Background
Public transit agencies are facing significant operator workforce shortages. While the crisis started prior to the COVID-19 pandemic, as the nation rebounds, the APTA Transit Workforce Shortage Report (2022) found agencies are more than ever struggling to attract and retain these frontline employees. At the same time, the transit industry has an aging workforce, and TCRP Research Report 240: Bus Operator Workforce Management: Practitioner’s Guide (2023) found that more than 50% of the industry’s workforce is estimated to retire during the next 10 years. The lower-than-normal hiring and retention rates, coupled with high retirement rates, and an increasing number of stressors affecting operators’ physical and mental health is contributing to the workforce shortage.

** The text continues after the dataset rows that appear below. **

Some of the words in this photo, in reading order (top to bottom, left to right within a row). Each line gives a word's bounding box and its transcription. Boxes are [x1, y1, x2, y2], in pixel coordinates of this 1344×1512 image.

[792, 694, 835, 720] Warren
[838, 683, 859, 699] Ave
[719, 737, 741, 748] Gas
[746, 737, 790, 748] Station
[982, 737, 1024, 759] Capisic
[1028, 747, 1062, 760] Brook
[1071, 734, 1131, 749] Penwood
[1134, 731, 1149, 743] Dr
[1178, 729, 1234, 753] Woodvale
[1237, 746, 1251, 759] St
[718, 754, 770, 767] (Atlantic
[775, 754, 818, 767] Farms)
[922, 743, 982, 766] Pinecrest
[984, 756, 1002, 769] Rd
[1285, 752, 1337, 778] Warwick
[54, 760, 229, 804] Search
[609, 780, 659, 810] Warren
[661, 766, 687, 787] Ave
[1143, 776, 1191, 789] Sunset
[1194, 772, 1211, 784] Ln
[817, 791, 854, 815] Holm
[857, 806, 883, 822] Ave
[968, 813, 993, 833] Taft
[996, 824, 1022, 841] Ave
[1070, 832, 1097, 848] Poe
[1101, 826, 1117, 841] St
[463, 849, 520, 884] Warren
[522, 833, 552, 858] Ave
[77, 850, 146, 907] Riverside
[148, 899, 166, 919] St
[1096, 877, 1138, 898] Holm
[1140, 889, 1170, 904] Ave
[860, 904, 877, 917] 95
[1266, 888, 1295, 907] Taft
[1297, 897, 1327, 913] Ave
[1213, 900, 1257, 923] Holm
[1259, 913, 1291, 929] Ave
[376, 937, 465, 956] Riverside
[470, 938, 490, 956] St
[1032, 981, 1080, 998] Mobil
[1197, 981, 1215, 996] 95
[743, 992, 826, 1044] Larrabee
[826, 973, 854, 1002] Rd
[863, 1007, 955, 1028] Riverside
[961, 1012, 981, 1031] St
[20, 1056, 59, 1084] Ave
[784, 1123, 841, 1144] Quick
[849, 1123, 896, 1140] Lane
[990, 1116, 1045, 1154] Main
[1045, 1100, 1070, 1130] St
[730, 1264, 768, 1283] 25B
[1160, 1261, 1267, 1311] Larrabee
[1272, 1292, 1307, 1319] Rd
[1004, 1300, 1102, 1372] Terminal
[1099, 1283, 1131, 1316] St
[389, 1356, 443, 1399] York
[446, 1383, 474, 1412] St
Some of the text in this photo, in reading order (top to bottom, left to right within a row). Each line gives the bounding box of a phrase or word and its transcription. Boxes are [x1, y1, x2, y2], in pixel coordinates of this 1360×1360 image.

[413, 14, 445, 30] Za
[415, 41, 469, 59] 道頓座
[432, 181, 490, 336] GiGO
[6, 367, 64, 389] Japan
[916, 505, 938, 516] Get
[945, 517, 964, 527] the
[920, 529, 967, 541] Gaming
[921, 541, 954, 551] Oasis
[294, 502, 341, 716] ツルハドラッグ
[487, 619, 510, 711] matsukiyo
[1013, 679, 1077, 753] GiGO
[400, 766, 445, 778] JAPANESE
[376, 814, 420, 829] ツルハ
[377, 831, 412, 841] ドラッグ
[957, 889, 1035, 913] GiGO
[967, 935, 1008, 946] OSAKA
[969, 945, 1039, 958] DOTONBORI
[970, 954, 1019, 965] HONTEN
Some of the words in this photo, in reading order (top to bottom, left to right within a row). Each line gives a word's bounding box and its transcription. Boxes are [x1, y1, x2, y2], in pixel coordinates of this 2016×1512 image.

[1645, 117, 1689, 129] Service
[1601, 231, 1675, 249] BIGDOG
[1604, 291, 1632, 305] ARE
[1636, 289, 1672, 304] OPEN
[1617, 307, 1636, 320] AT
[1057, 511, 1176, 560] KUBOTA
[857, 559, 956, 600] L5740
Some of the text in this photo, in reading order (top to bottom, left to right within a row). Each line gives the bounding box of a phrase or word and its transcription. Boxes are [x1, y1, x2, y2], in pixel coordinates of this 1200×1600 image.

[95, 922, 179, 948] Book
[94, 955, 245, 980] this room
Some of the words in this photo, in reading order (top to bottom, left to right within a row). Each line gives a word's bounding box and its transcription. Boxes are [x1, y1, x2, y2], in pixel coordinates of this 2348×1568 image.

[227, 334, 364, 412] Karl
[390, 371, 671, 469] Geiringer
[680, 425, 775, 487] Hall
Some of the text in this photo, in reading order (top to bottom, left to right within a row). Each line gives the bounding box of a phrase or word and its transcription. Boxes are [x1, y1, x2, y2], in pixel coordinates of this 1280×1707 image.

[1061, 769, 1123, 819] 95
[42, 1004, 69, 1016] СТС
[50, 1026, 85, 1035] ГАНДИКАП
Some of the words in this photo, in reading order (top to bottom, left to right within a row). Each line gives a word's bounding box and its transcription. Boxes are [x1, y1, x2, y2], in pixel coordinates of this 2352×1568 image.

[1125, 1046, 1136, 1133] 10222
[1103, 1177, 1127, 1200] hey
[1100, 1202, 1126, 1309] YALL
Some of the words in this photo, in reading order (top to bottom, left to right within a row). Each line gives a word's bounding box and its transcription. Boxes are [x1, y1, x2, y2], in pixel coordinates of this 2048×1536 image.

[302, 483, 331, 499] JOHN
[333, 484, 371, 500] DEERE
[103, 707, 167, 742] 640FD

Existing research finds that transit operators experience adverse impacts on health and wellbeing because of the demands and stresses of the occupation. The are documented direct impacts on physical health (i.e. obesity, diabetes, and hypertension) and mental health (i.e. trauma from passenger assaults). Increased probabilities of poor health outcomes for transit operators may be tied to the larger social issue of racial health disparities, as many transit operators are Black, indigenous, or people of color (BIPOC)—groups that disproportionately experience health issues such as diabetes and heart disease. Among women operators, and especially those who are BIPOC, the likelihood of poor health outcomes is even higher. These factors are contributing to the workforce shortage phenomenon. To address the operator workforce shortage, transit agencies are starting to pilot innovative approaches aimed at reducing the stresses associated with role.
A few examples include alternative scheduling approaches, new classifications of leave time that allow for recovery following trauma exposure, and material benefits such as childcare supports. While these approaches are in a novel stage, there is limited research exploring the relationship between operator health and workforce challenges. Transit agencies need to better understand how operators’ health and health concerns relate to attitudes about employment and identify meaningful solutions to address the workforce challenges. If the known (or presumed) health risks of being an operator are impeding the desire to pursue employment as a transit operator or stay in that role, questions for consideration are:
- What does that mean for the success of recruitment and retention in the long term?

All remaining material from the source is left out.